SOURCE INFORMATION
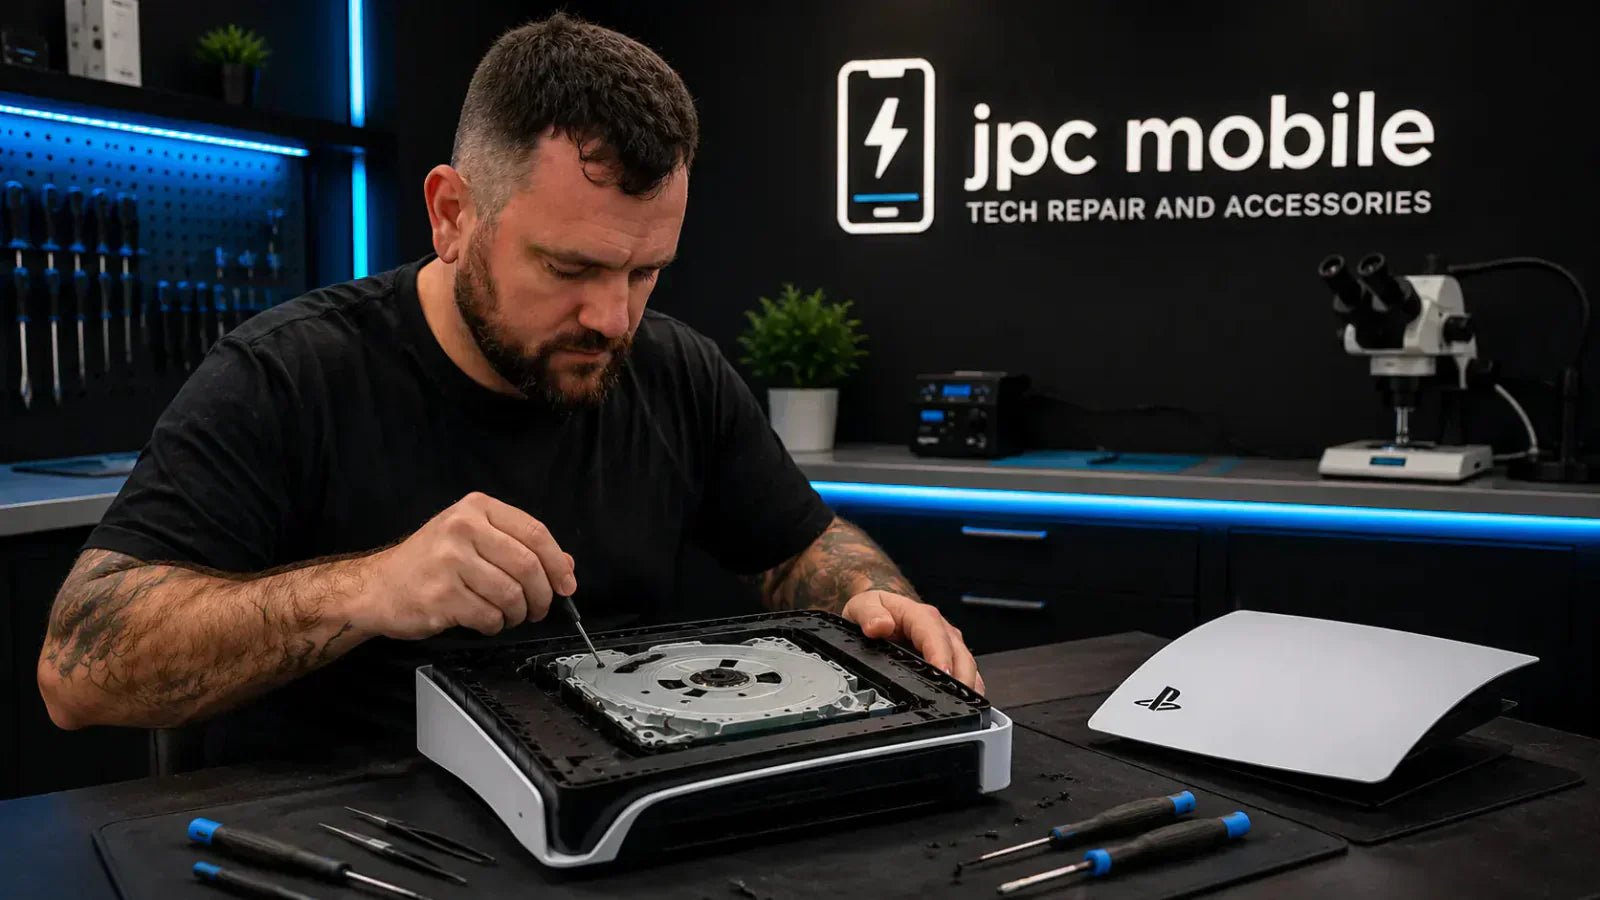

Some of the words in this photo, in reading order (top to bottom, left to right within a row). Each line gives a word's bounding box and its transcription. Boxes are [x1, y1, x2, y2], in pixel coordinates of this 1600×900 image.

[963, 102, 1097, 192] jpc
[1126, 90, 1435, 173] mobile
[967, 200, 1038, 224] TECH
[1047, 197, 1145, 221] REPAIR
[1154, 196, 1215, 219] AND
[1224, 190, 1431, 218] ACCESSORIES

WORK TO BE COMPLETED
Omitting the pictures, copy each record above exactly as it stands.

TASK RESPONSE
Some of the words in this photo, in reading order (top to bottom, left to right within a row). Each line gives a word's bounding box and its transcription. Boxes are [x1, y1, x2, y2], in pixel coordinates of this 1600×900 image.

[963, 102, 1097, 192] jpc
[1126, 90, 1435, 173] mobile
[967, 200, 1038, 224] TECH
[1047, 197, 1145, 221] REPAIR
[1154, 196, 1215, 219] AND
[1224, 190, 1431, 218] ACCESSORIES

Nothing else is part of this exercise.